Course Descriptions

ARTL 1000: Introduction to Arts Leadership

This course is an introduction to the field of arts administration, its history, current business practices and career opportunities.  We will focus on the leadership techniques needed to be an arts administrator, concentrating on management issues and business operations. Various aspects of the arts such as staffing, financing, economic impact and application, marketing, fundraising and governance are covered.

ARTL 2000: Financial Strategies in the Arts

Finance is the art and science of managing money. This course provides an understanding of the financial system, its functions, and available alternatives for obtaining money in an arts environment. Discussions will focus on understanding and interpreting financial information for the stakeholders of arts organizations, and the types of financing that apply to nonprofit organizations. This course will apply the tools of the financial manager as a decision-maker of an organization.

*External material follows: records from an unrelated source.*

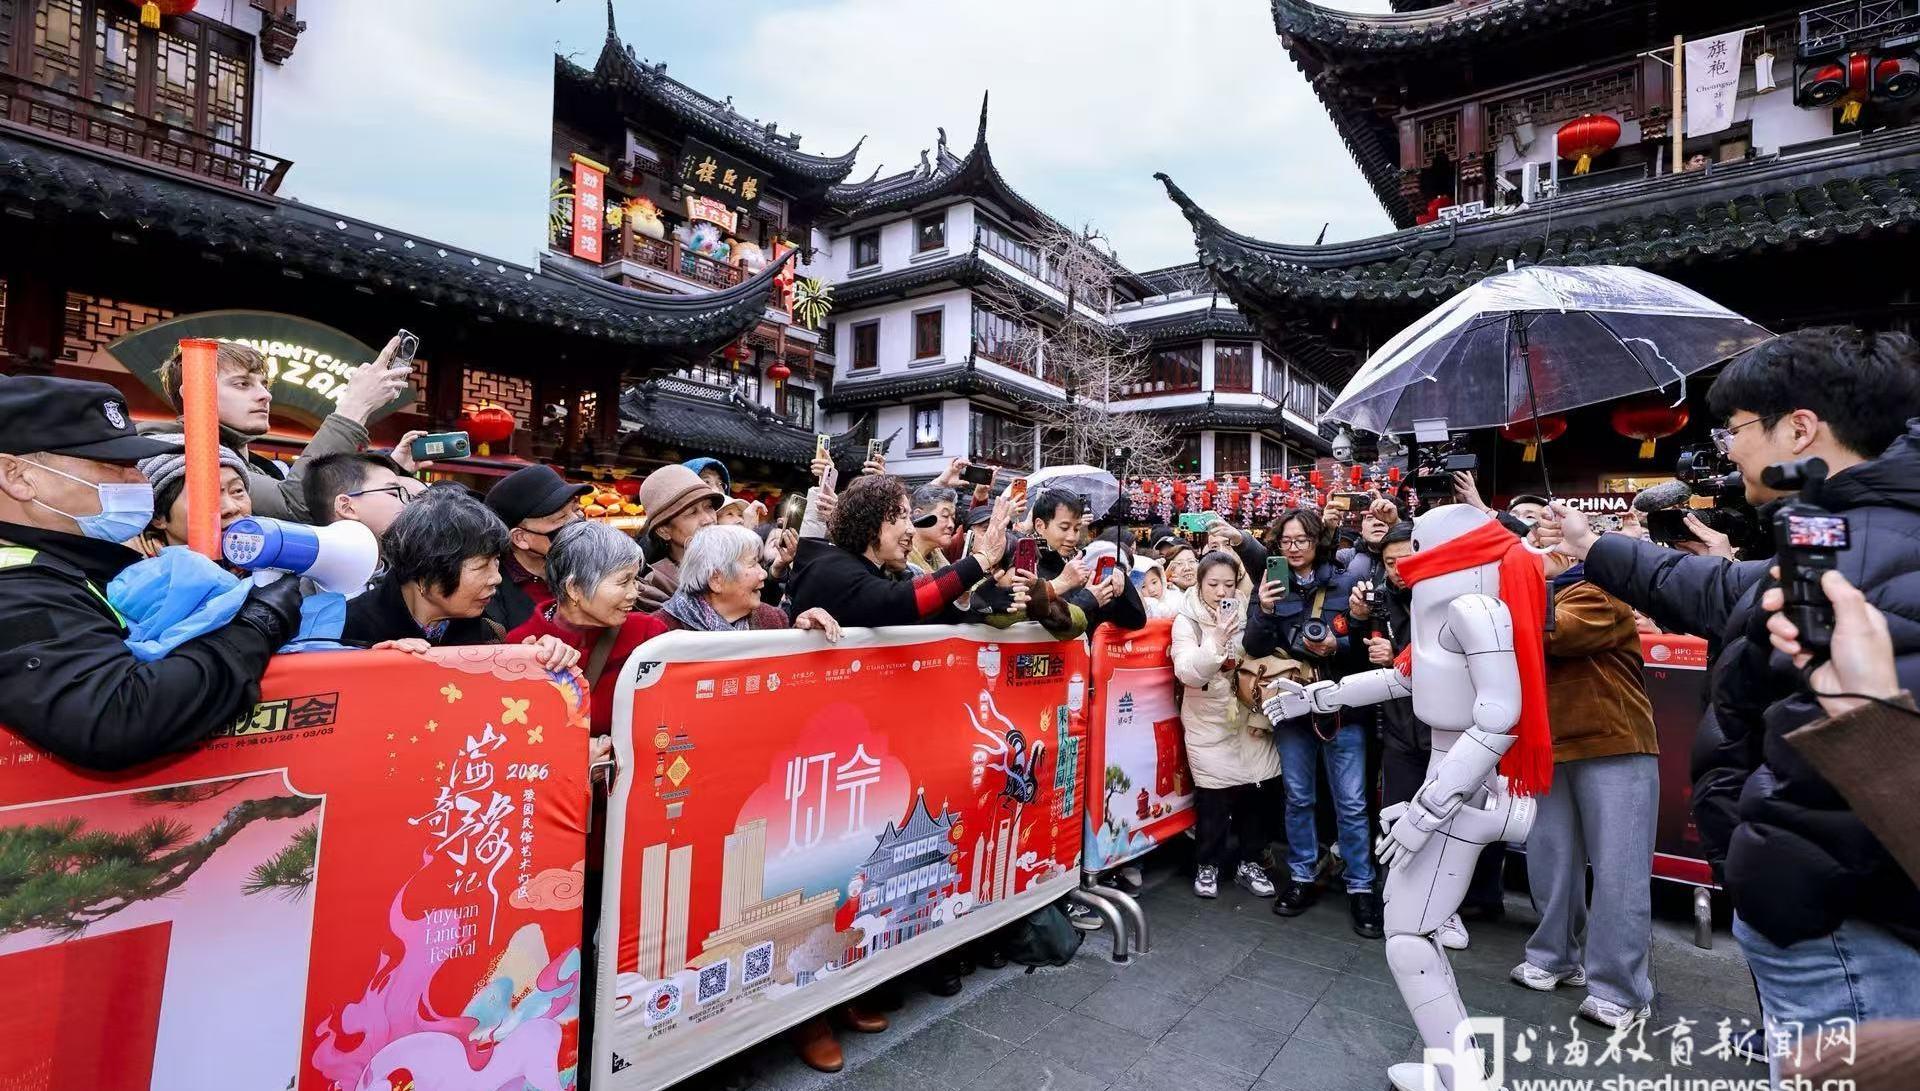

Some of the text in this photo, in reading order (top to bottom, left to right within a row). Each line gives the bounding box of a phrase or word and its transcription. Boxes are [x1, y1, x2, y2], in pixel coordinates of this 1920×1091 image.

[1707, 40, 1729, 78] 旗袍
[1674, 648, 1692, 656] BFC
[506, 763, 550, 780] 2026
[783, 743, 881, 853] 灯会
[517, 788, 535, 900] 豫园民俗艺术灯区
[423, 902, 479, 926] Yuyuan
[424, 922, 477, 945] Lantern
[430, 941, 476, 964] Festival
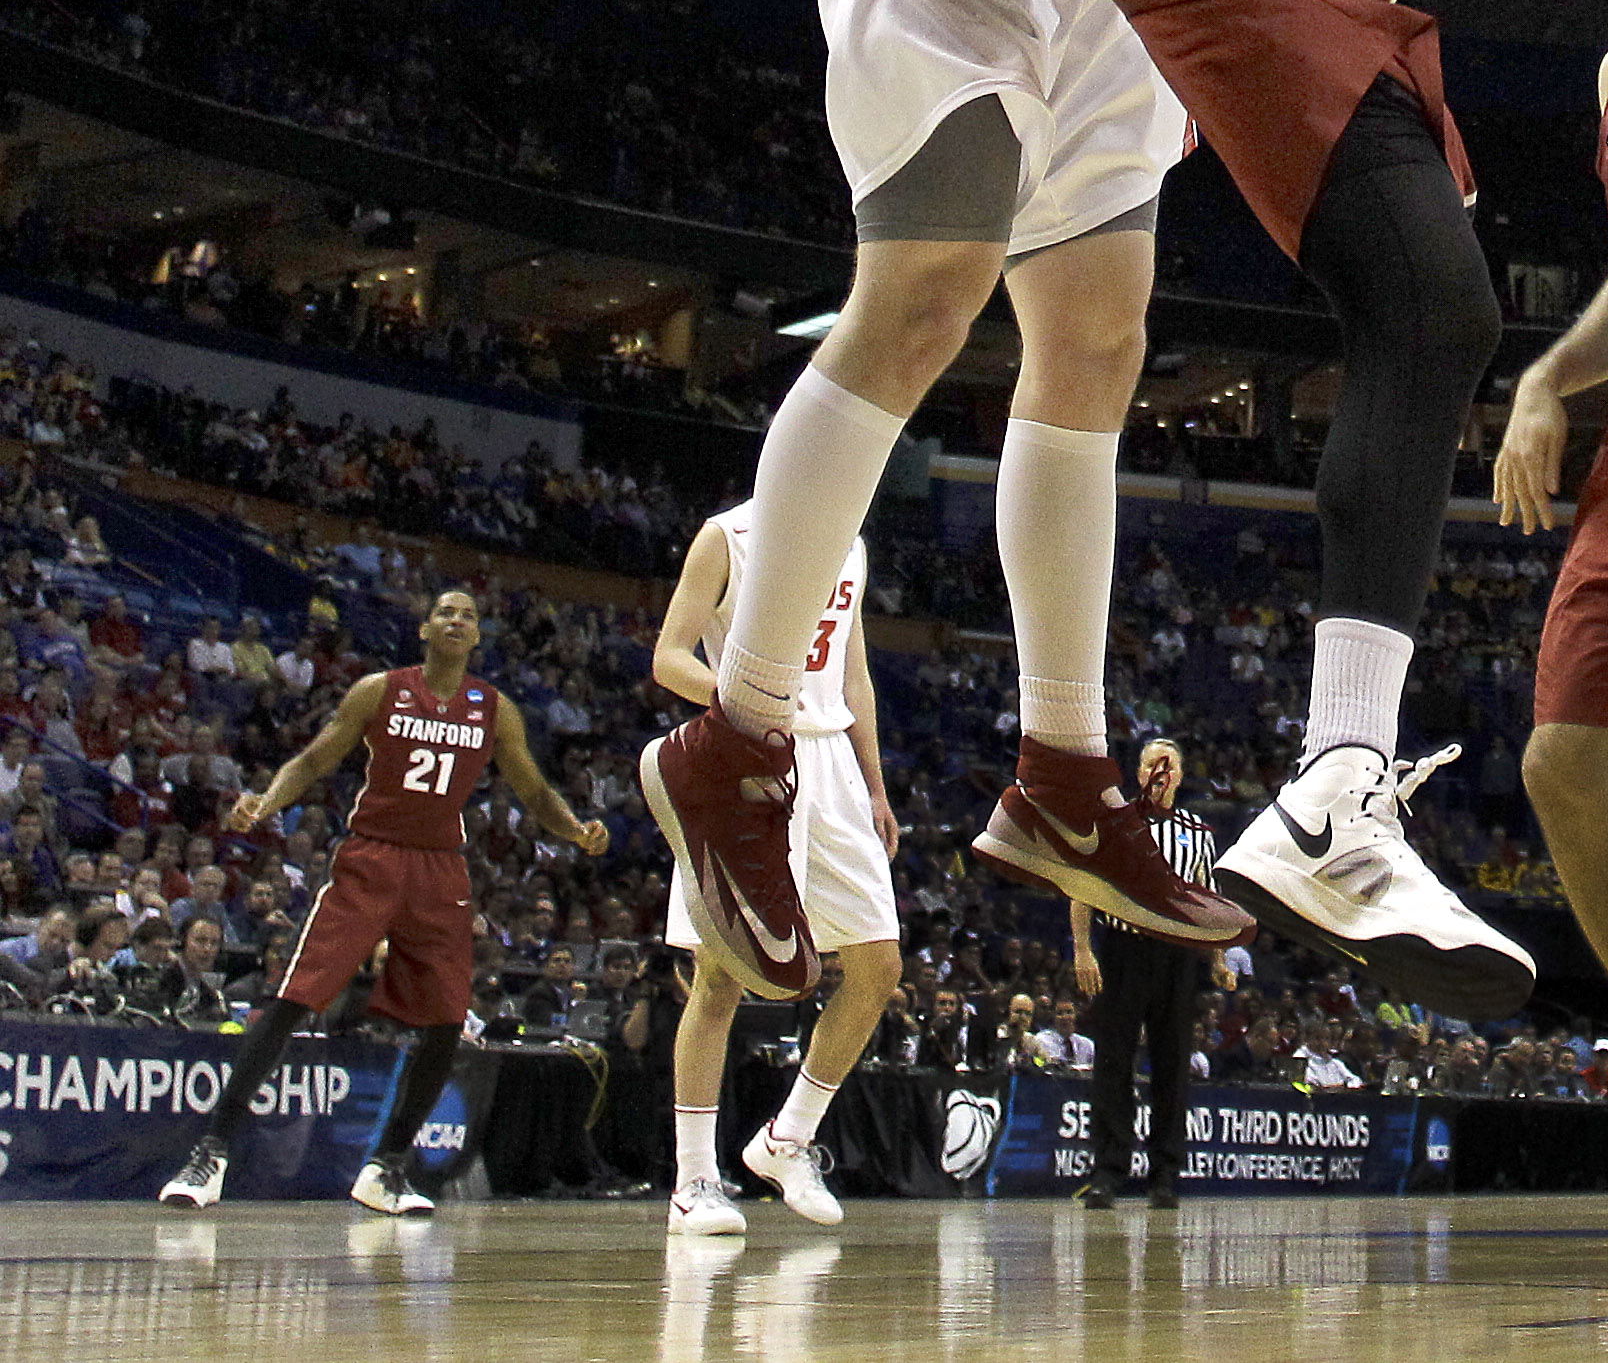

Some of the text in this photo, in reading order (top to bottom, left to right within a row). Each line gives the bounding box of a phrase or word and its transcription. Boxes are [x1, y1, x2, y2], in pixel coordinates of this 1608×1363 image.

[386, 713, 485, 750] STANFORD
[402, 748, 456, 796] 21
[1219, 1108, 1283, 1145] THIRD
[1287, 1111, 1370, 1148] ROUNDS
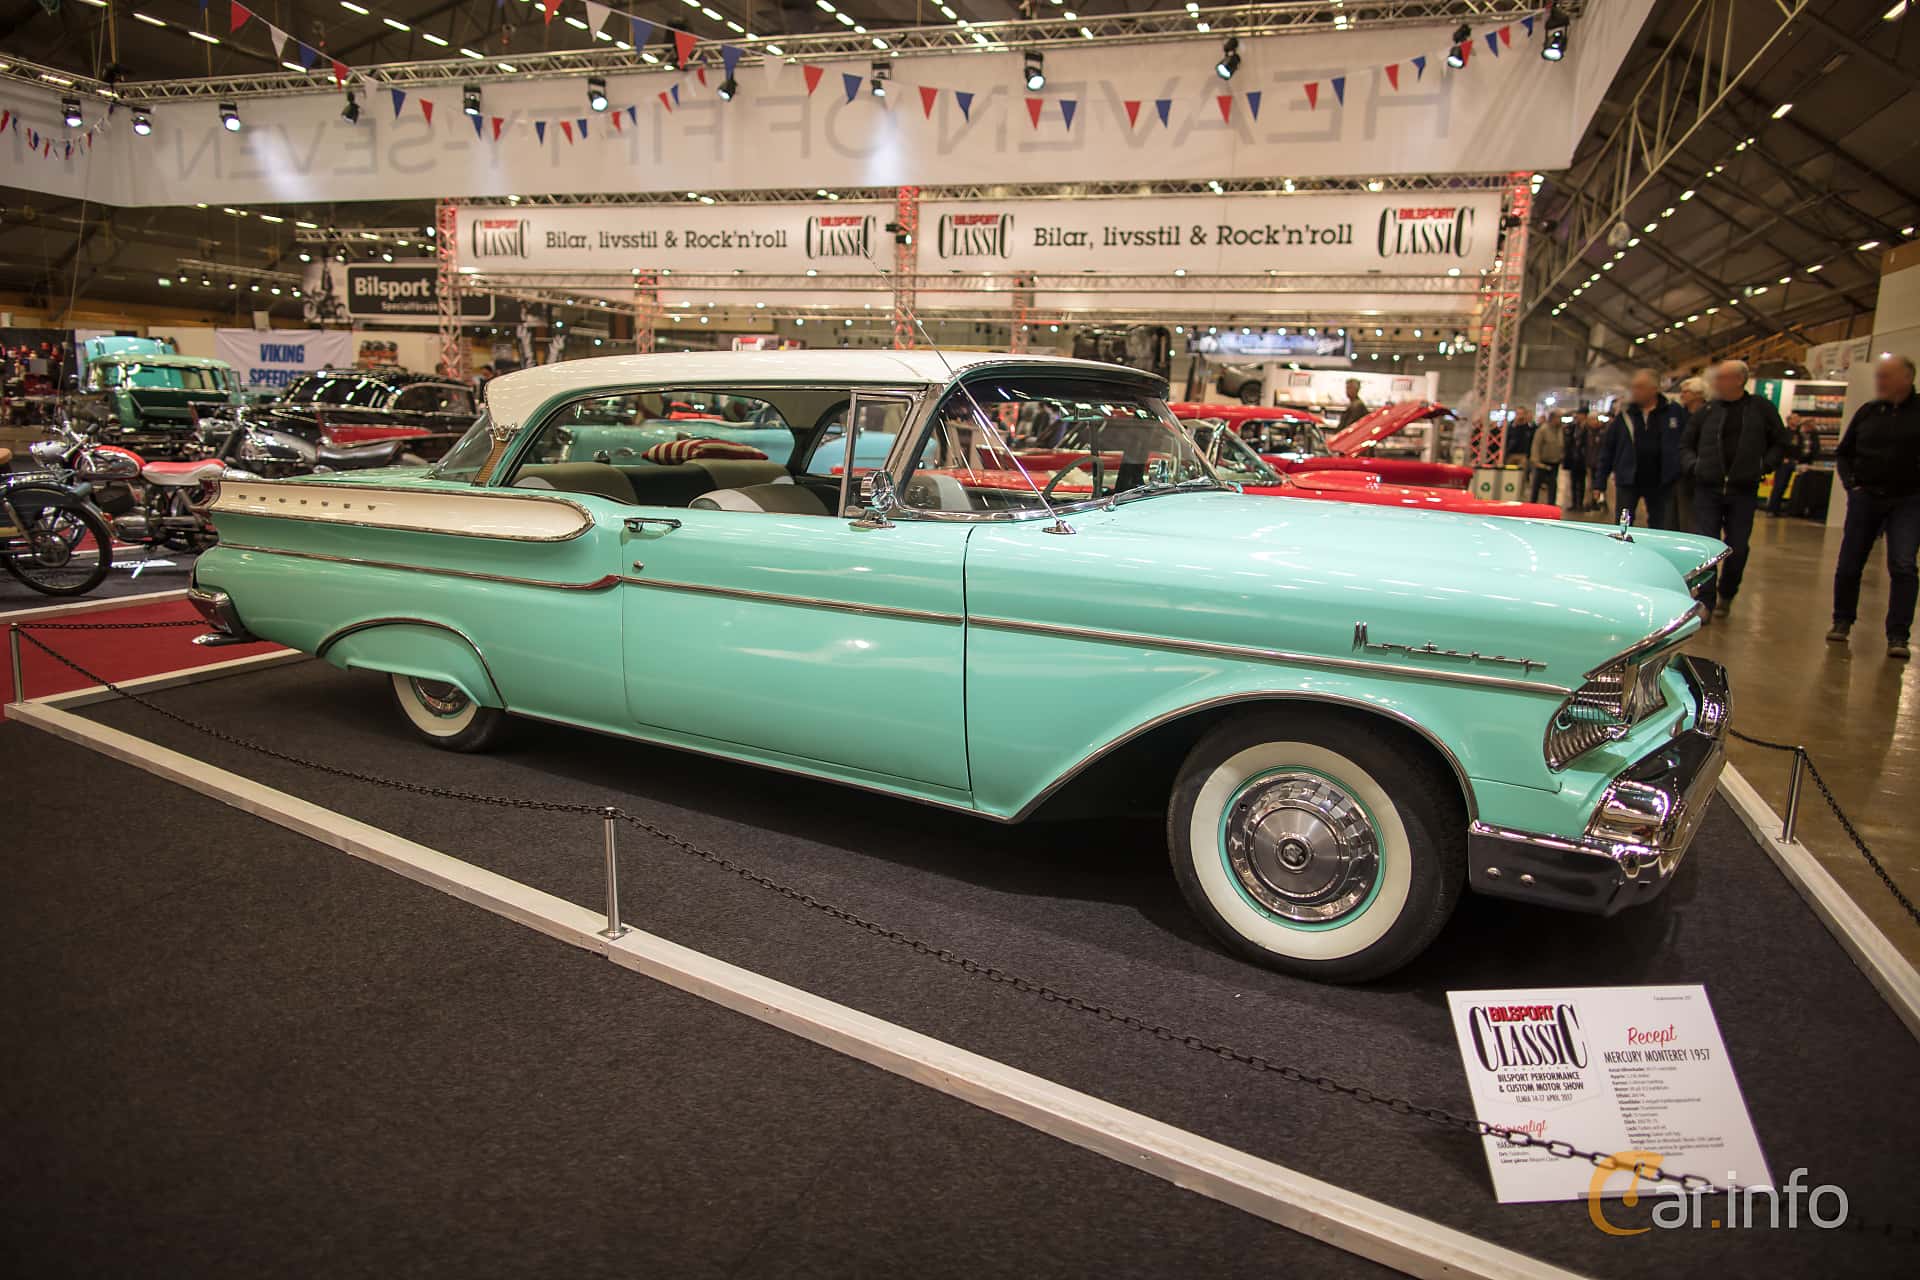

ARTL 2100: Marketing the Arts

Students will analyze an arts, entertainment, media, or event organization within its environmental context to determine how to position it in the marketplace. In this course, students will develop an understanding of the consumer and market, choose the proper research techniques to solve problems, determine the appropriate promotional techniques to develop relationships with customers, and develop a complete and integrated marketing plan for an organization.

ARTL 3000: Law and the Arts

This course will enable students to better understand legal issues in businesses of the arts and entertainment industries and to recognize where legal problems could arise. We will look at copyright and other intellectual property rights, contracts, licensing agreements, first amendment issues, agency agreements, and the formation of partnerships and corporations.

ARTL 3100: Resource Development for Arts Organizations

This course provides an overview of basic fundraising techniques for non-profit arts organizations. Strategies for raising funds from individuals, corporations, foundations, and government funding sources will be reviewed and analyzed. Students will look at methodologies for developing a complete fundraising plan.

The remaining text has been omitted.